On March 22, the HWTS Network hosted a very interesting webinar on self-supply water. @Diana Gonzalez delivered a fantastic presentation showing some surprising data on self-supply in  South Asia, East Asia, and the Pacific. 

The discussion was great and we had several questions from the participants. The questions that were not answered during the Q&A session because of the timing will be posted in this Threaded Discussion. I encourage everyone to participate and interact. 

New Book on Self-Supply (free)

Great new publication by Sally Sutton and John Butterworth on self-supply, available for free download:

https://practicalactionpublishing.com/book/2530/self-supply

Description:

While governments and development partners focus on improving community and utility-managed water supplies to ensure access for all, hundreds of millions of people are taking actions to supply their own water. In the WASH sector household investment in construction and improvement of facilities is widely employed in sanitation but in water similar efforts are ignored. Recognition of the contribution of self-supply towards universal access to water and its full potential, is hampered by a lack of data, analysis and guidance.

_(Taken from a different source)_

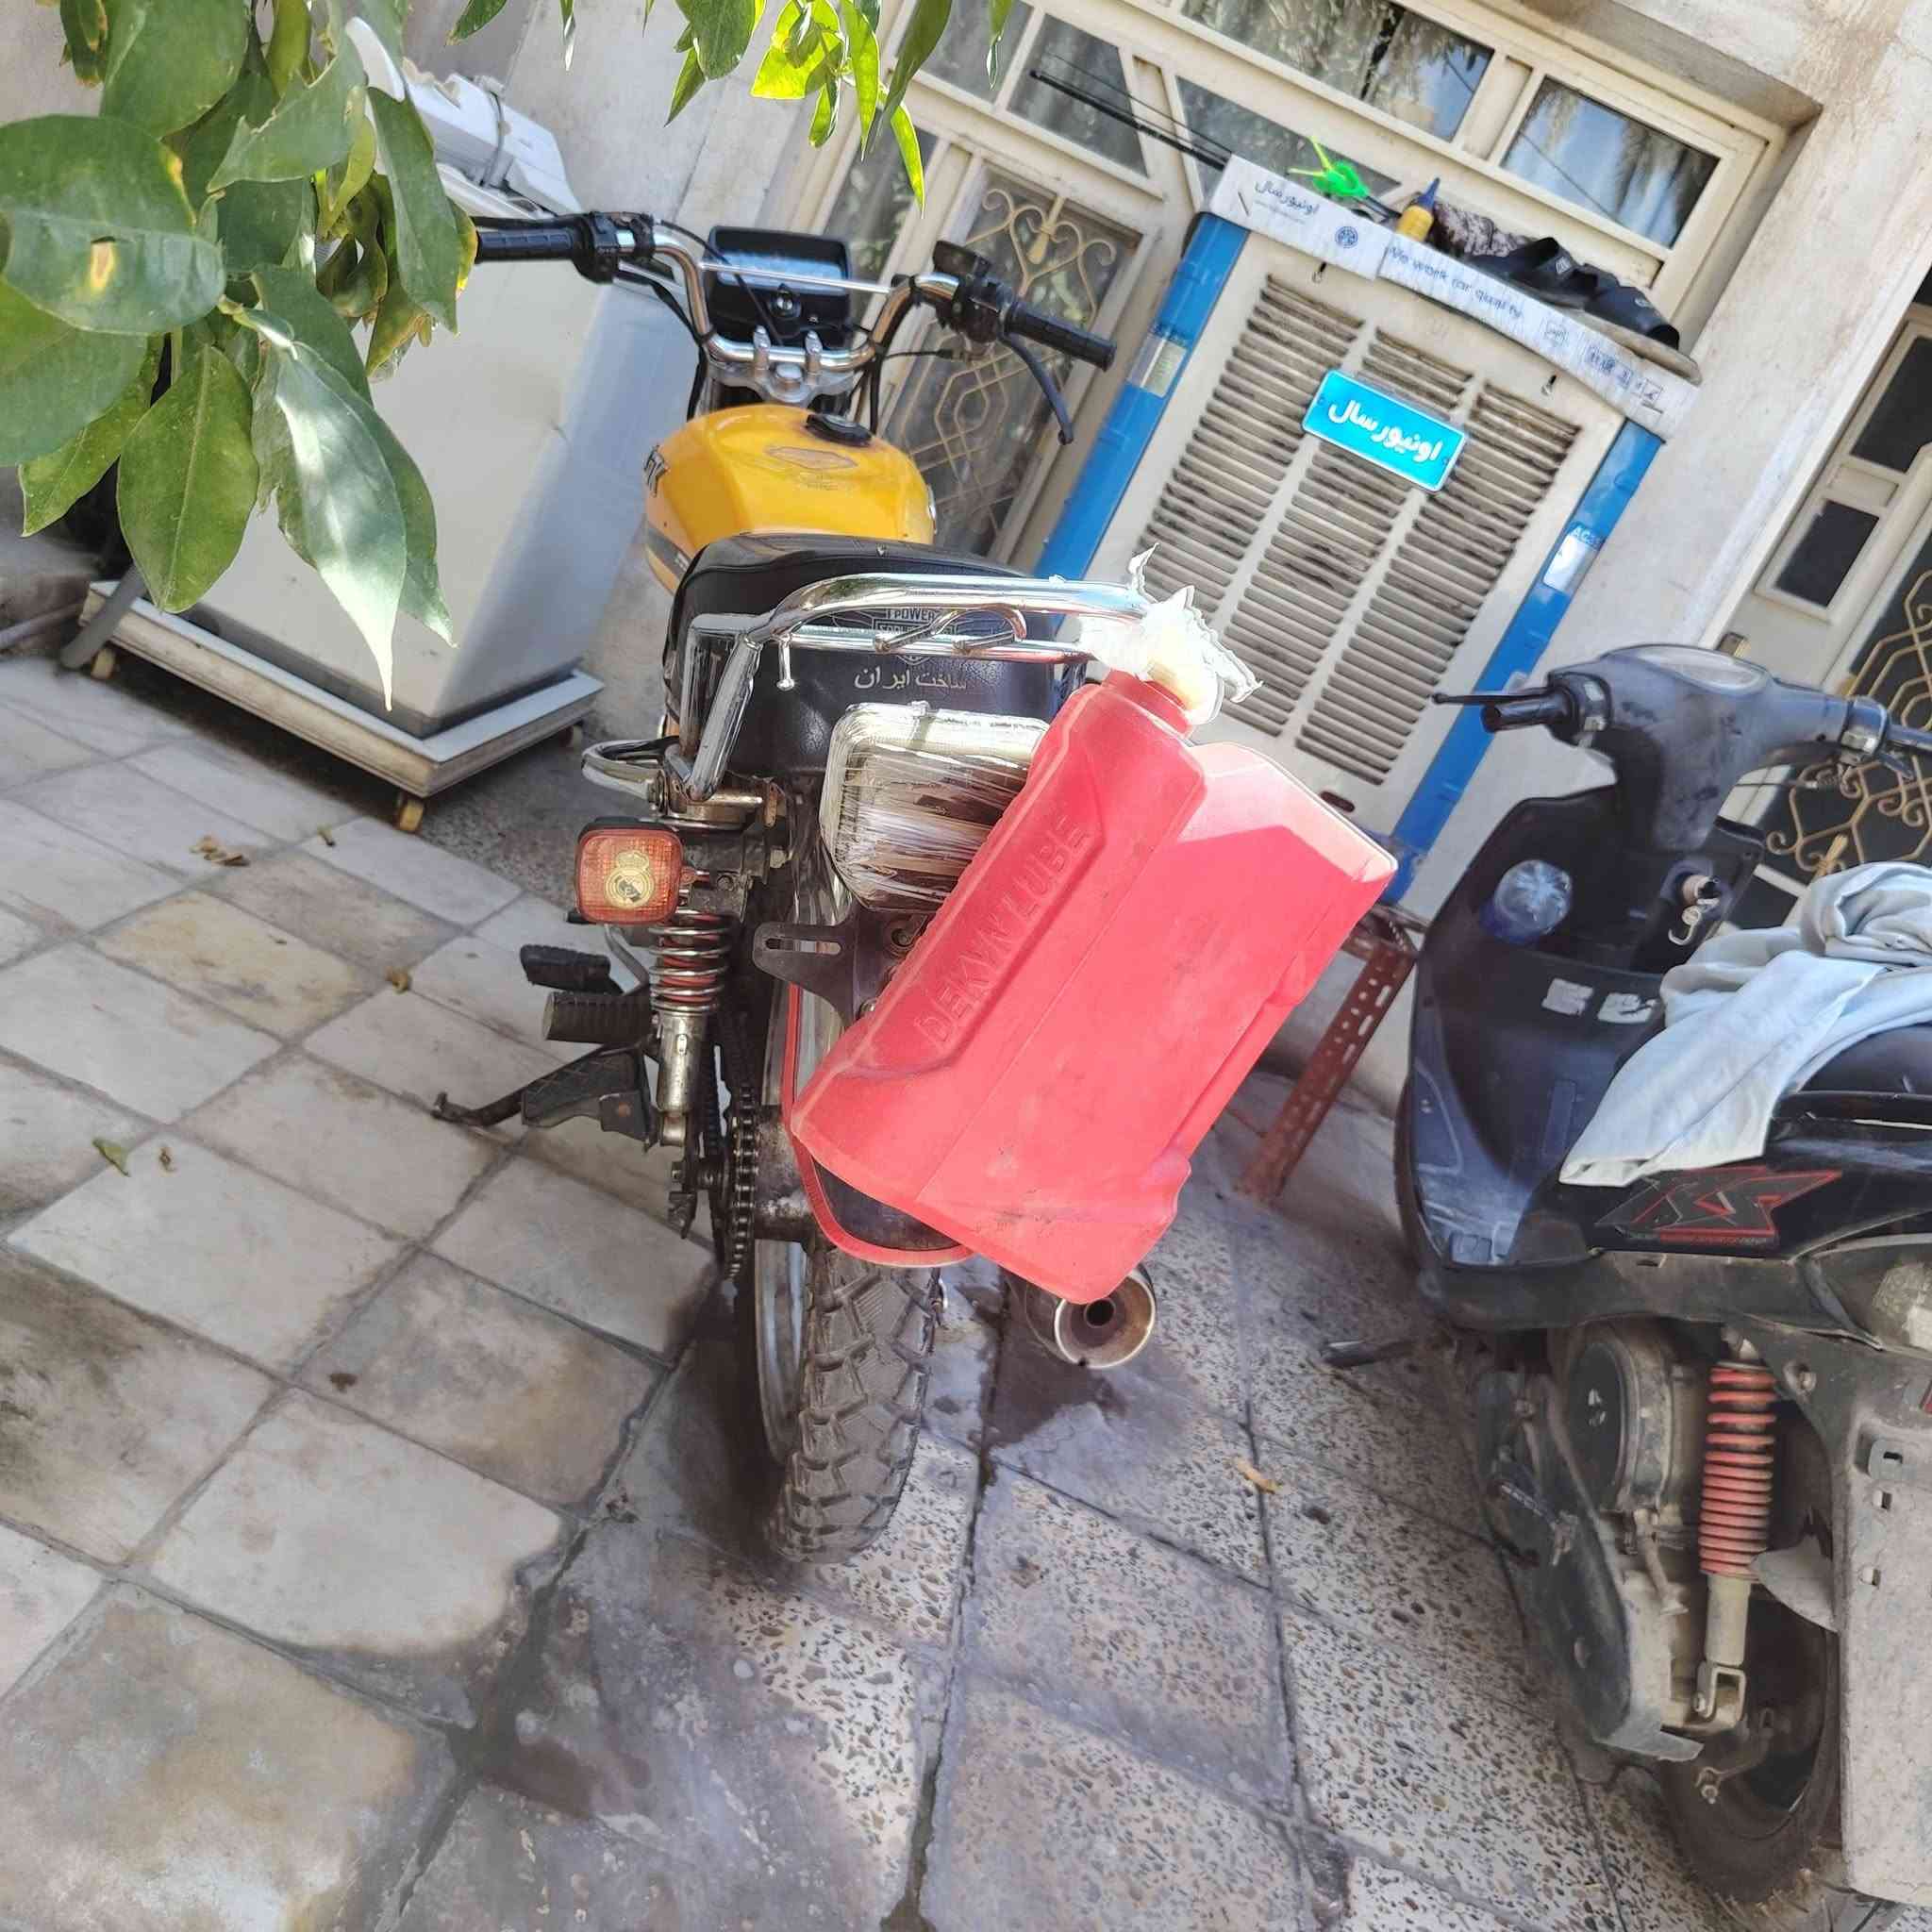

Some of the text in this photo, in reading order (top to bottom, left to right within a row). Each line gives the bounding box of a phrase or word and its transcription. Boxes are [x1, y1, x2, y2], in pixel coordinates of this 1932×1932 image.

[1327, 399, 1444, 463] اونیورسال
[854, 665, 967, 690] ساخت ایران
[1002, 814, 1087, 920] LUBE

This well-reasoned source book highlights the magnitude of the contribution of self-supply to urban and rural water provision world-wide, and the gains that are possible when governments recognise and support household-led supply development and up-grading. With limited public finances in low- (and many middle-) income countries, self-supply can fill gaps in public provision, especially amongst low-density rural populations. The book focuses on sub-Saharan Africa as the region with the greatest predicted shortfall in achieving the 2030 Sustainable Development Goal for water.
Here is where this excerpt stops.